[Dataset entries]
_ _ _

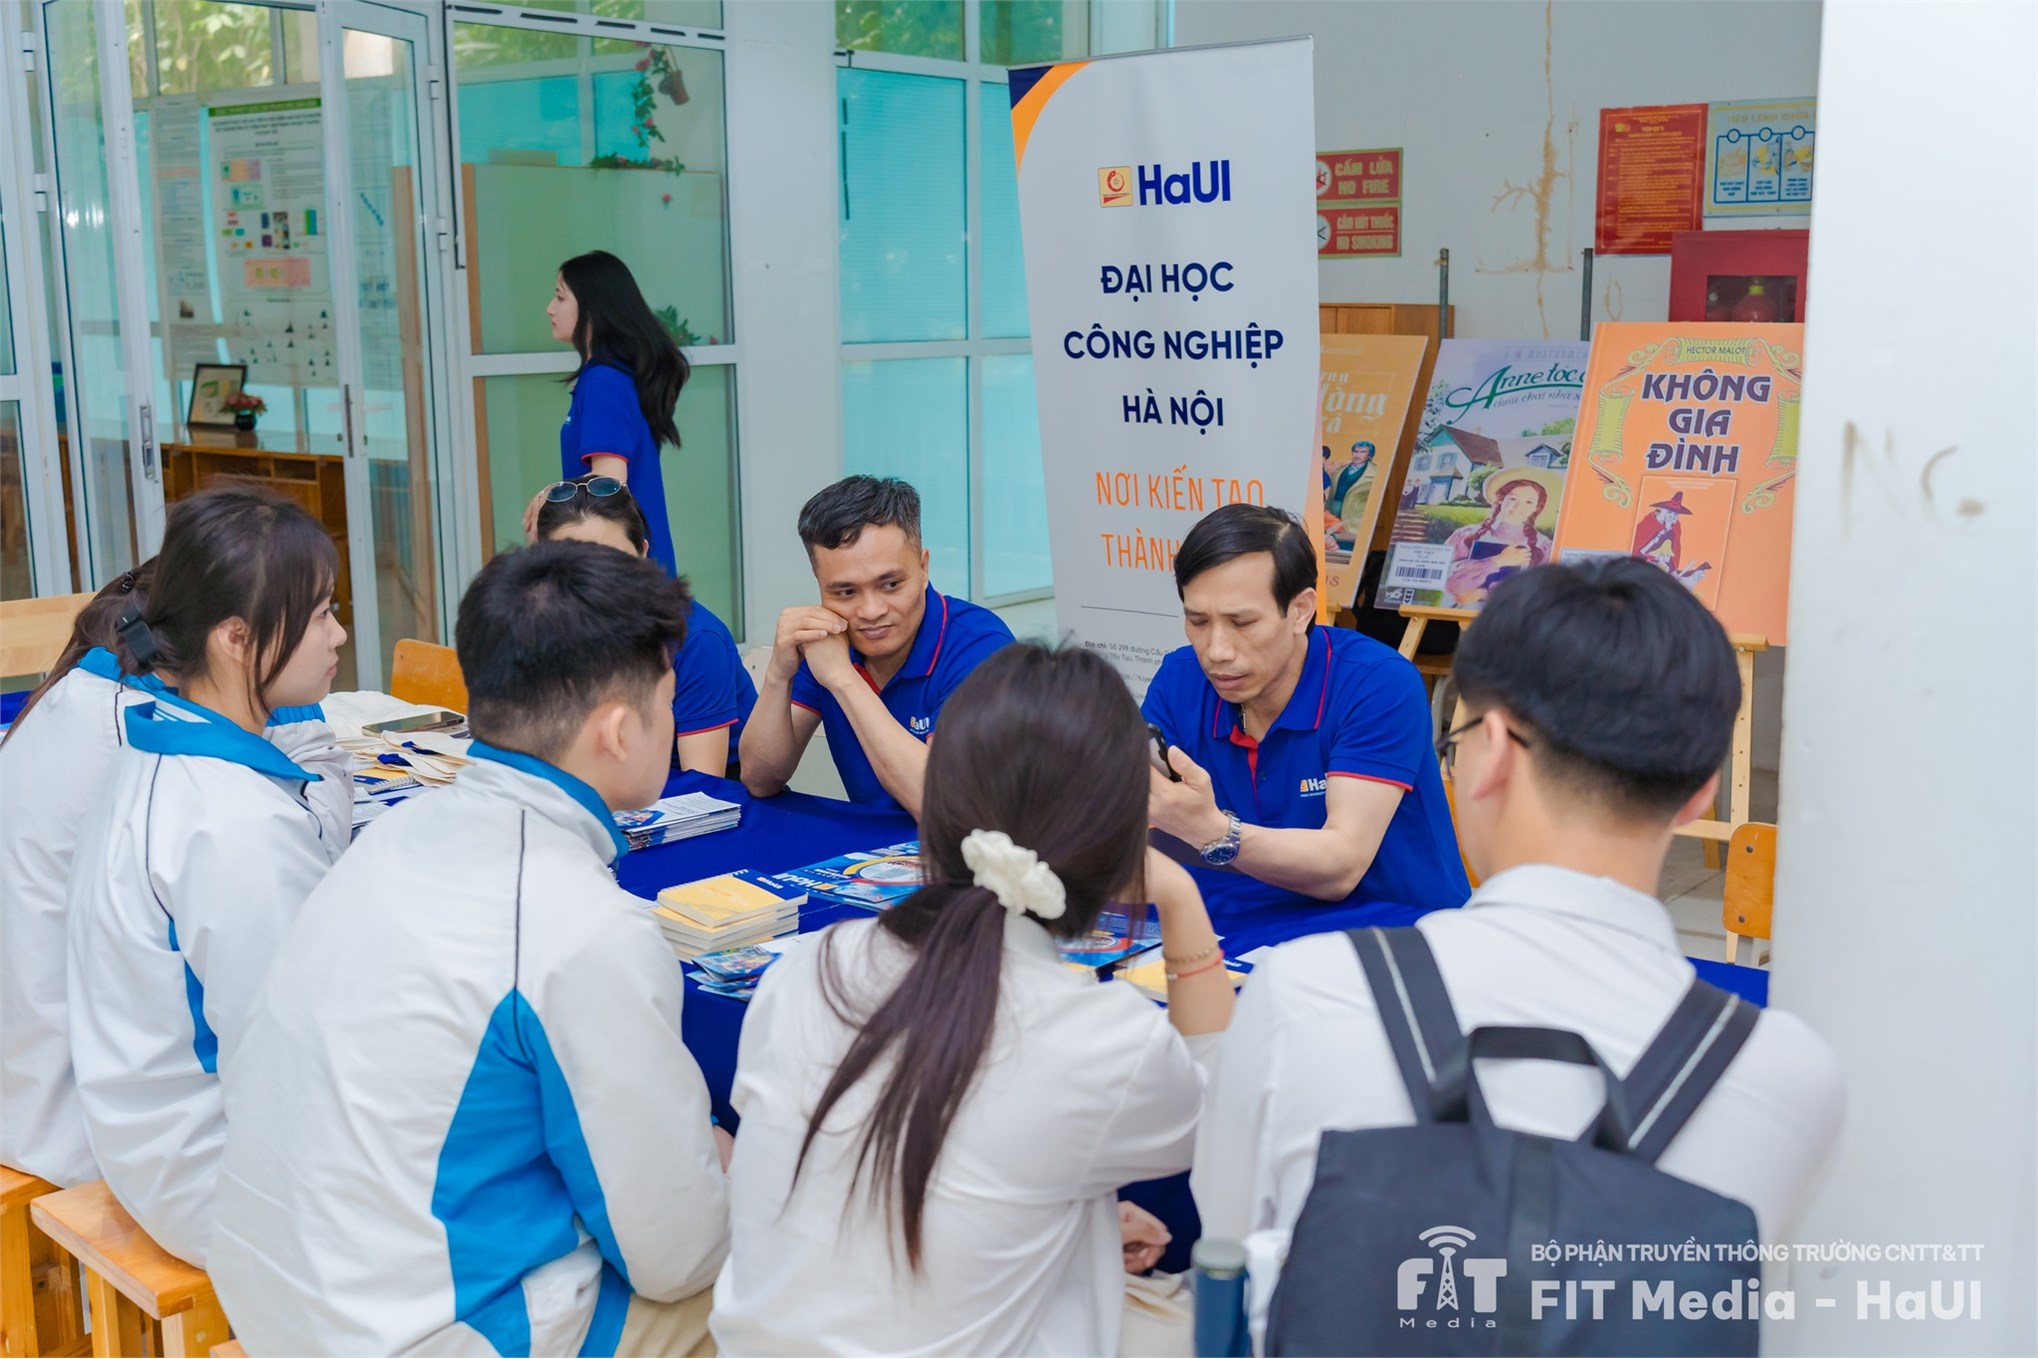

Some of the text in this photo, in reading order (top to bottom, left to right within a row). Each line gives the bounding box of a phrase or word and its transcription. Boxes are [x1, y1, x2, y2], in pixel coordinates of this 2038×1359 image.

[1138, 160, 1231, 206] HaUI
[1338, 178, 1389, 195] NO FIRE
[1351, 234, 1393, 250] SMOKING
[1101, 261, 1235, 302] ĐẠI HỌC
[1063, 322, 1284, 369] CÔNG NGHIỆP
[1687, 346, 1746, 355] HECTOR MALOT
[1445, 362, 1578, 425] Anne tóc
[1641, 368, 1771, 403] KHÔNG
[1122, 388, 1224, 435] HÀ NỘI
[1668, 408, 1732, 438] GIA
[1646, 437, 1740, 475] ĐÌNH
[1096, 471, 1140, 507] NƠI
[1147, 464, 1204, 512] KIẾN
[1101, 528, 1181, 572] THÀNH
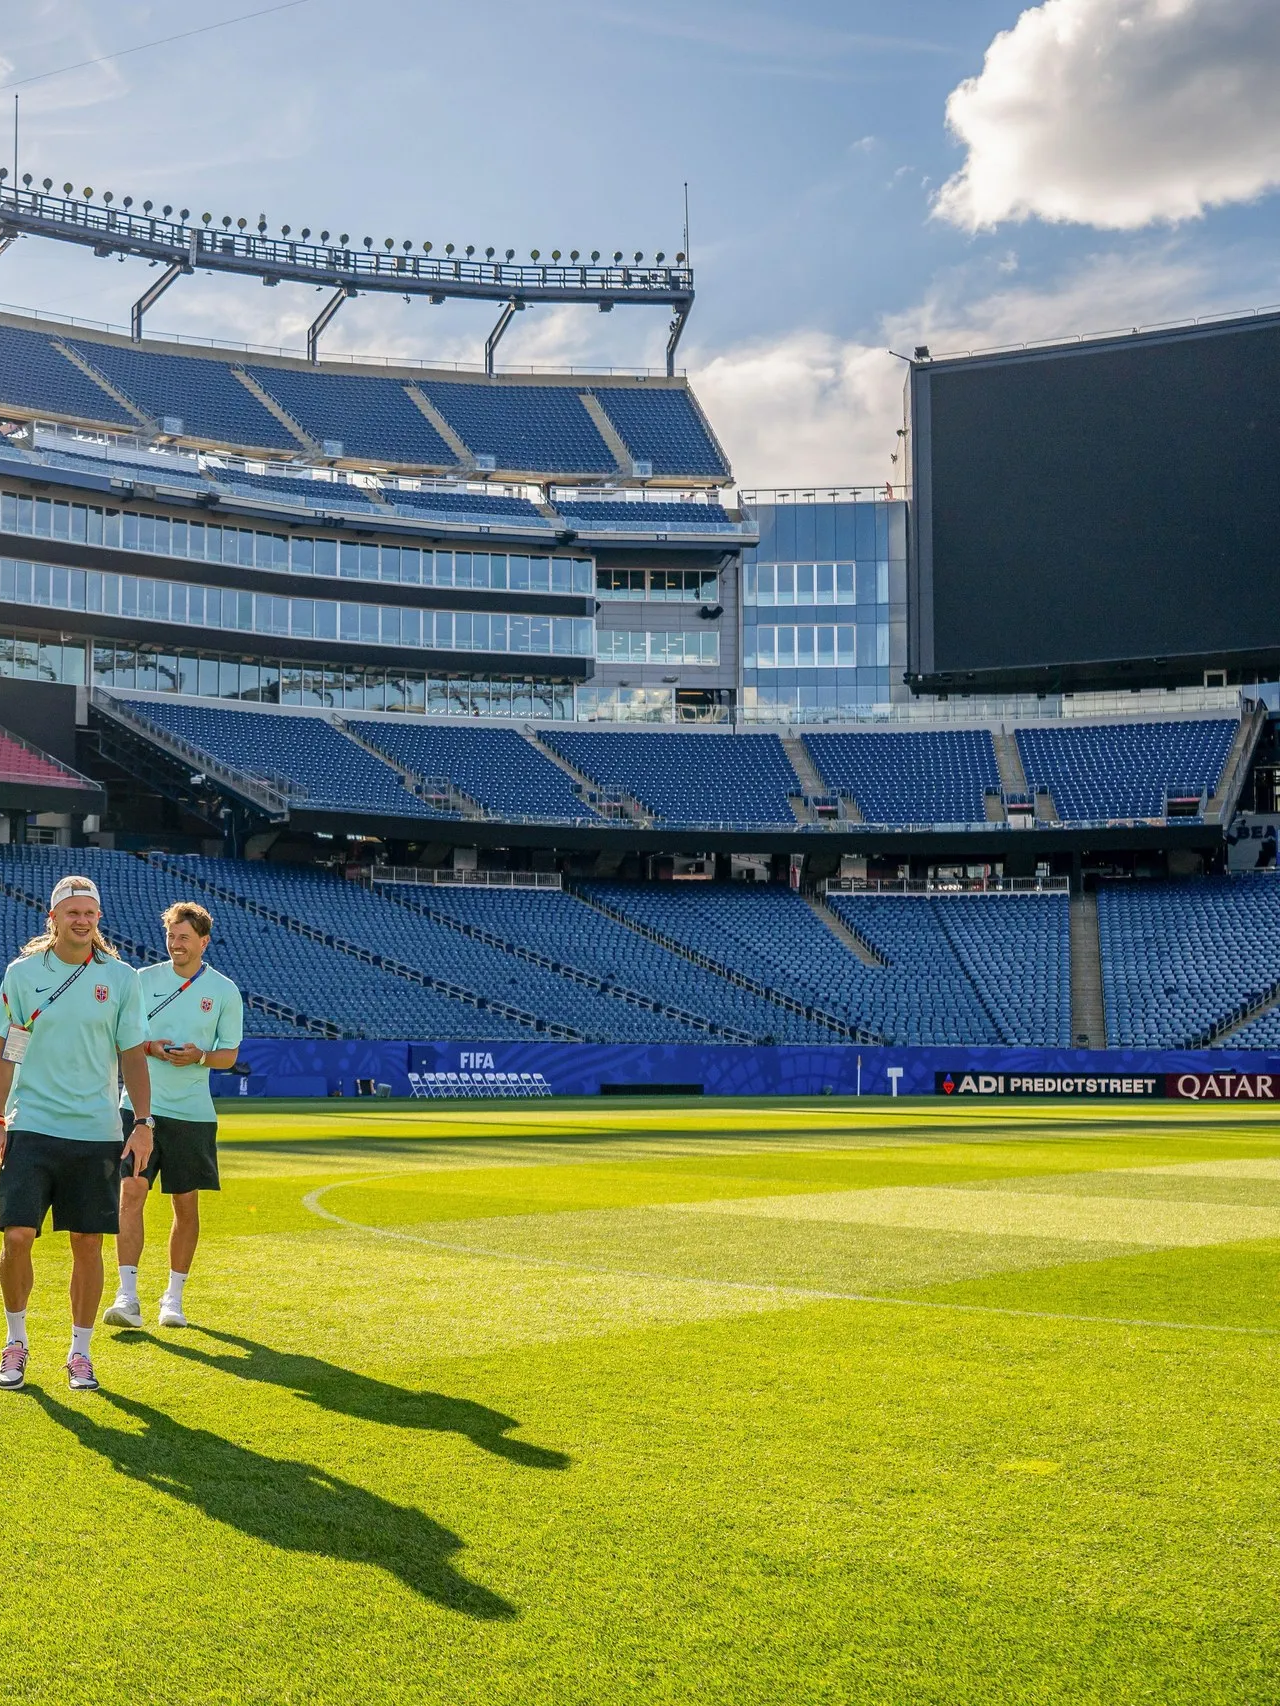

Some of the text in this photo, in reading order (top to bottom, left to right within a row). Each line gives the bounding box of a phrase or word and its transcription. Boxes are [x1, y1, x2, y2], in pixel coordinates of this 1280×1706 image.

[460, 1052, 495, 1069] FIFA
[958, 1075, 1156, 1094] ADI PREDICTSTREET
[1177, 1074, 1274, 1100] QATAR

_ _ _

• Exercise brief:
Take every entry and repeat it verbatim, minus the pictures.

• Answer below:
Some of the text in this photo, in reading order (top to bottom, left to right within a row). Each line gives the bounding box of a phrase or word and its transcription. Boxes are [x1, y1, x2, y2], in pixel coordinates of this 2038×1359 image.

[1138, 160, 1231, 206] HaUI
[1338, 178, 1389, 195] NO FIRE
[1351, 234, 1393, 250] SMOKING
[1101, 261, 1235, 302] ĐẠI HỌC
[1063, 322, 1284, 369] CÔNG NGHIỆP
[1687, 346, 1746, 355] HECTOR MALOT
[1445, 362, 1578, 425] Anne tóc
[1641, 368, 1771, 403] KHÔNG
[1122, 388, 1224, 435] HÀ NỘI
[1668, 408, 1732, 438] GIA
[1646, 437, 1740, 475] ĐÌNH
[1096, 471, 1140, 507] NƠI
[1147, 464, 1204, 512] KIẾN
[1101, 528, 1181, 572] THÀNH

Some of the text in this photo, in reading order (top to bottom, left to right within a row). Each line gives the bounding box of a phrase or word and its transcription. Boxes are [x1, y1, x2, y2], in pixel coordinates of this 1280×1706 image.

[460, 1052, 495, 1069] FIFA
[958, 1075, 1156, 1094] ADI PREDICTSTREET
[1177, 1074, 1274, 1100] QATAR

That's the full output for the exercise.